* **About this task**:
The lines to be set down run from the line containing "this 1280×1706 image." through the final line of the data below; print them exactly and print nothing else.

[Items listed in a dataset]
-------

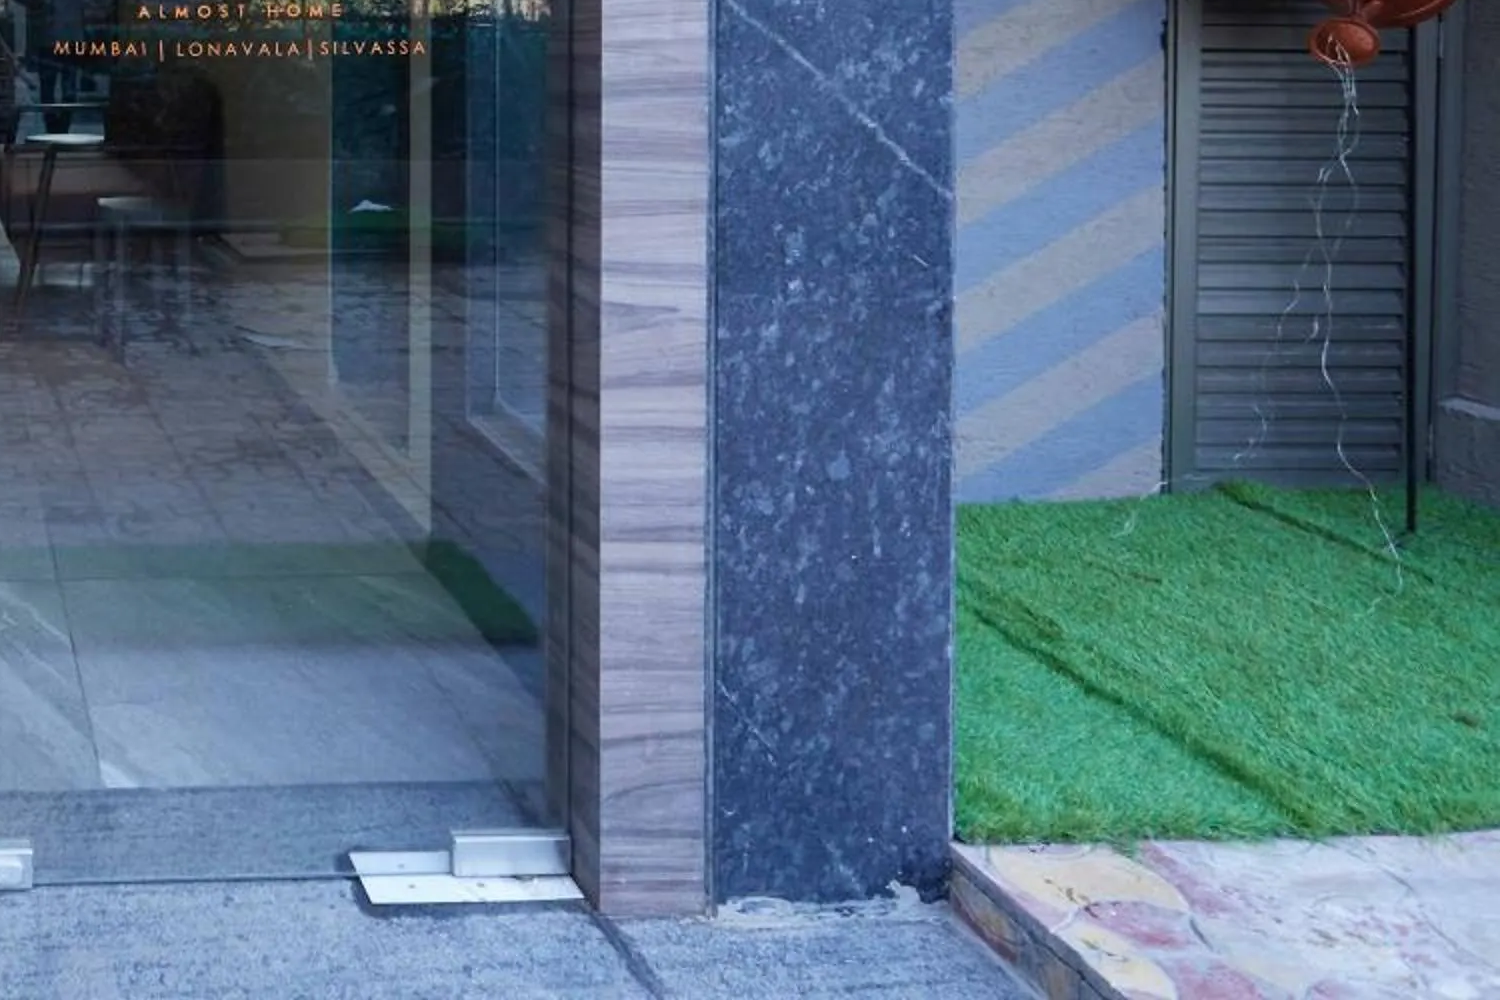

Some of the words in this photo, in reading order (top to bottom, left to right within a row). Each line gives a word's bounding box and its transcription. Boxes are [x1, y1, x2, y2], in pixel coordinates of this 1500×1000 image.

[136, 3, 248, 20] ALMOST
[266, 2, 344, 19] HOME
[52, 39, 148, 57] MUMBAI
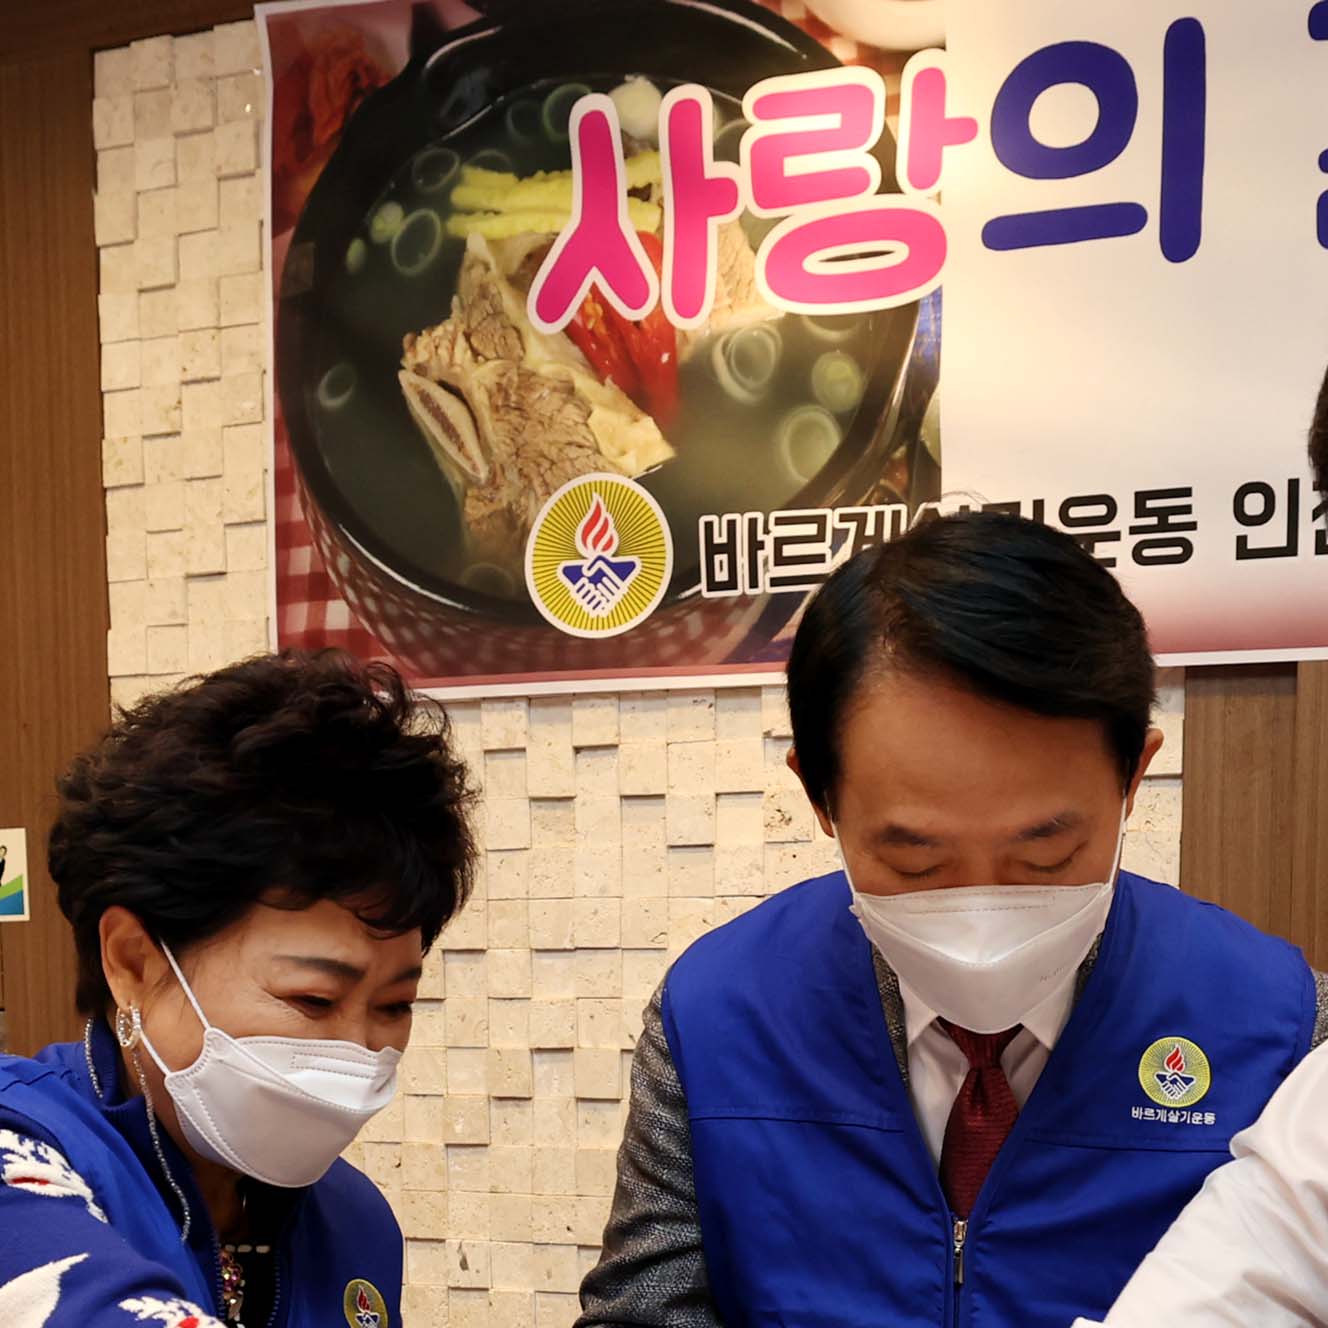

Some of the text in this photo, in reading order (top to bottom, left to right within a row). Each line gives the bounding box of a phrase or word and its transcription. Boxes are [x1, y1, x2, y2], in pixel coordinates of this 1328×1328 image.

[534, 17, 1205, 324] 사랑의
[704, 486, 1198, 592] 바르게운동
[1130, 1106, 1217, 1126] 바르게살기운동
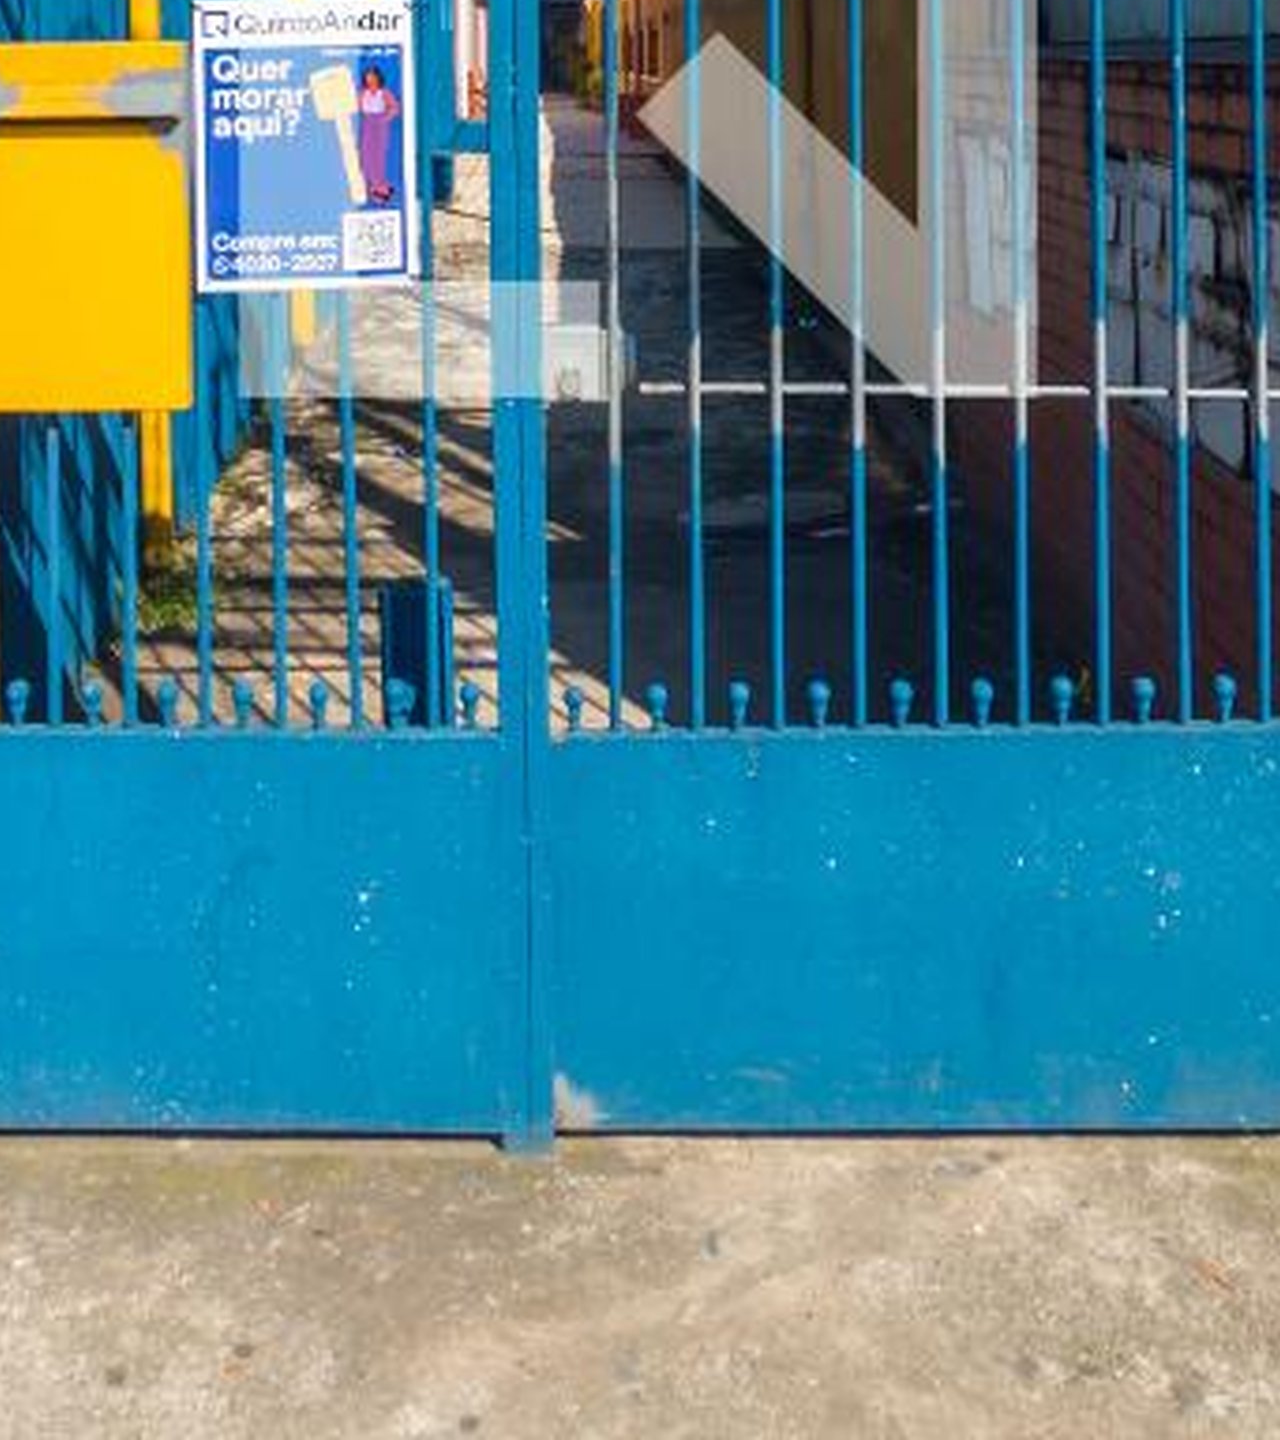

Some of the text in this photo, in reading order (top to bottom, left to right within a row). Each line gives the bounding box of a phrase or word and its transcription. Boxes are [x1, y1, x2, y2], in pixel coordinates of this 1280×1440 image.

[211, 54, 294, 84] Quer
[211, 87, 309, 112] morar
[211, 110, 302, 143] aqui?
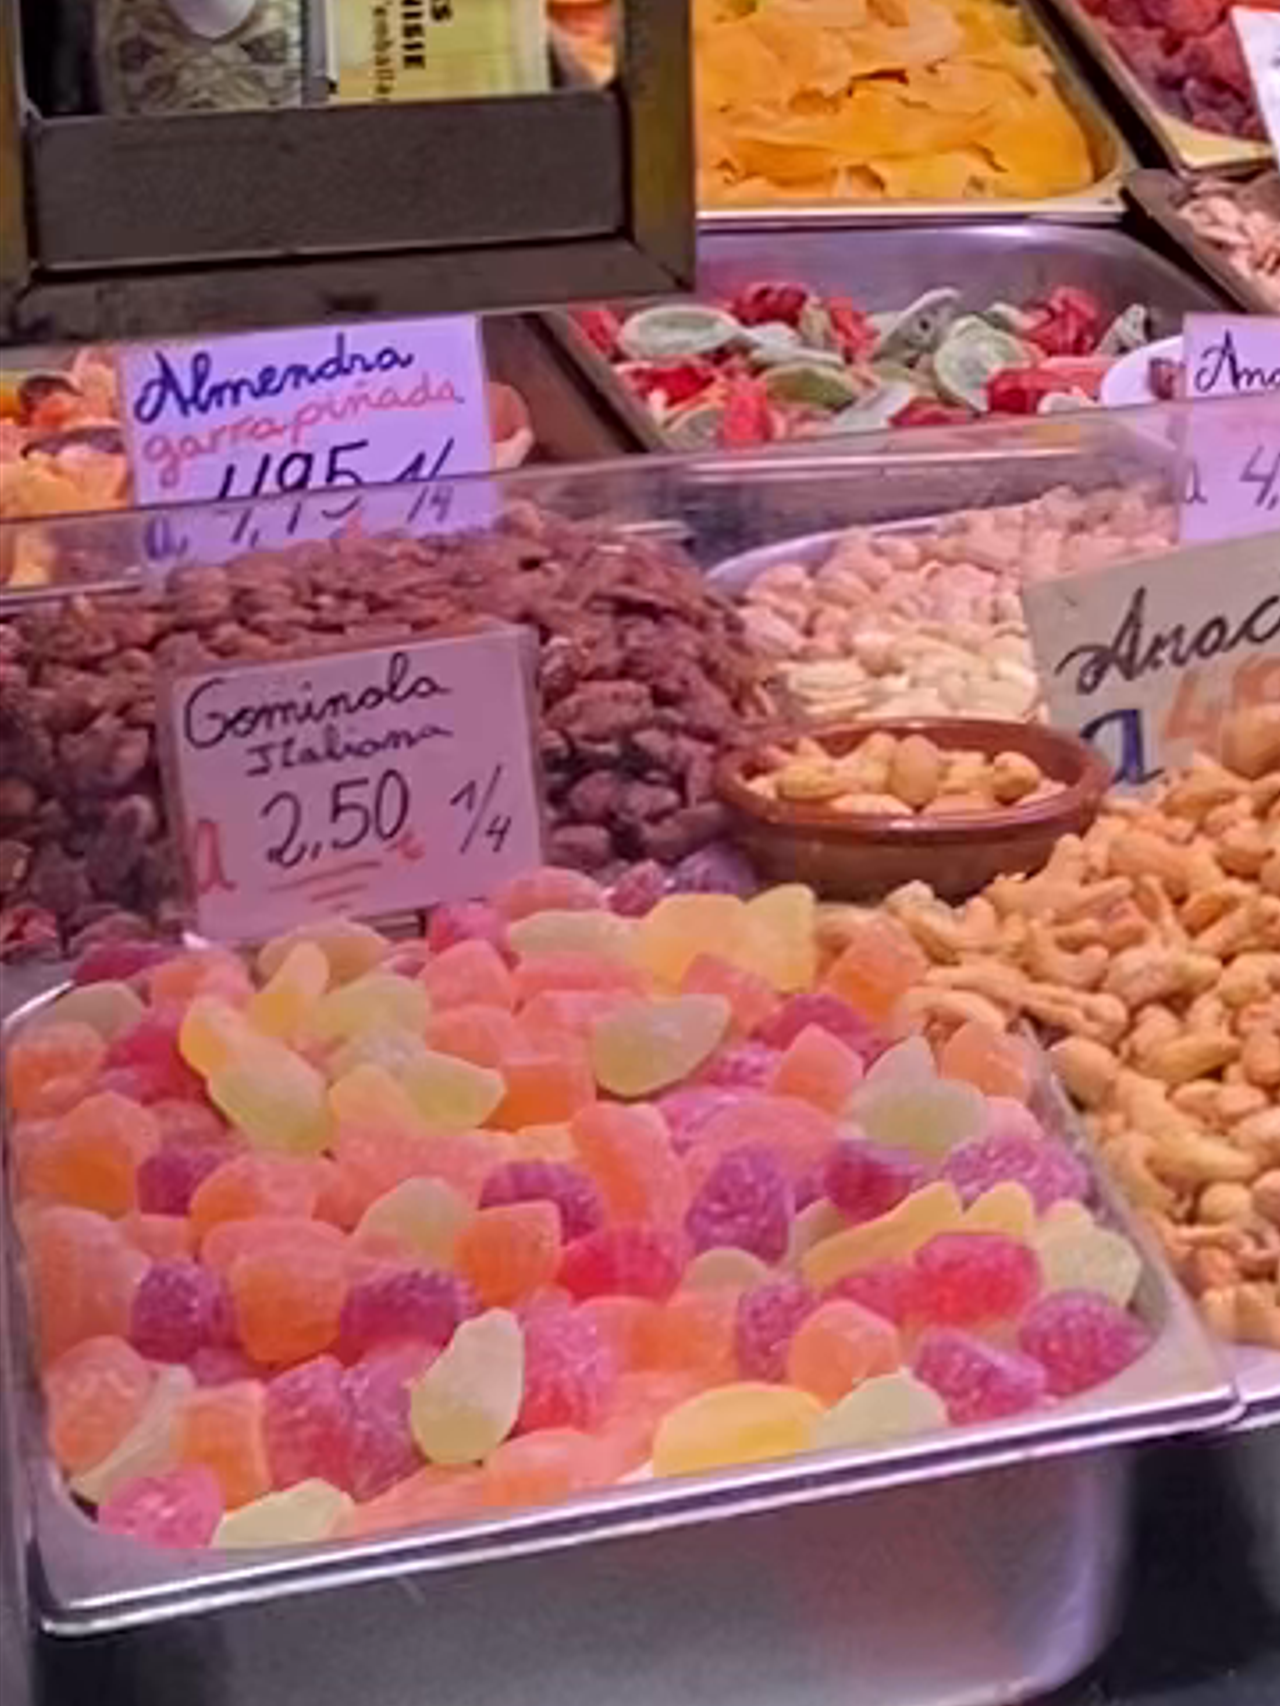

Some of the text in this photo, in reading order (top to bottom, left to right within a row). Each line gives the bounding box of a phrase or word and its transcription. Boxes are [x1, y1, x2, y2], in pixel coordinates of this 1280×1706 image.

[134, 332, 415, 424] Almendra
[142, 372, 466, 489] garrapiñada
[259, 768, 411, 869] 2,50
[449, 763, 514, 856] 1/4

-------

* **Response to this exercise**:
Some of the text in this photo, in reading order (top to bottom, left to right within a row). Each line gives the bounding box of a phrase or word and its transcription. Boxes are [x1, y1, x2, y2], in pixel coordinates of this 1280×1706 image.

[134, 332, 415, 424] Almendra
[142, 372, 466, 489] garrapiñada
[259, 768, 411, 869] 2,50
[449, 763, 514, 856] 1/4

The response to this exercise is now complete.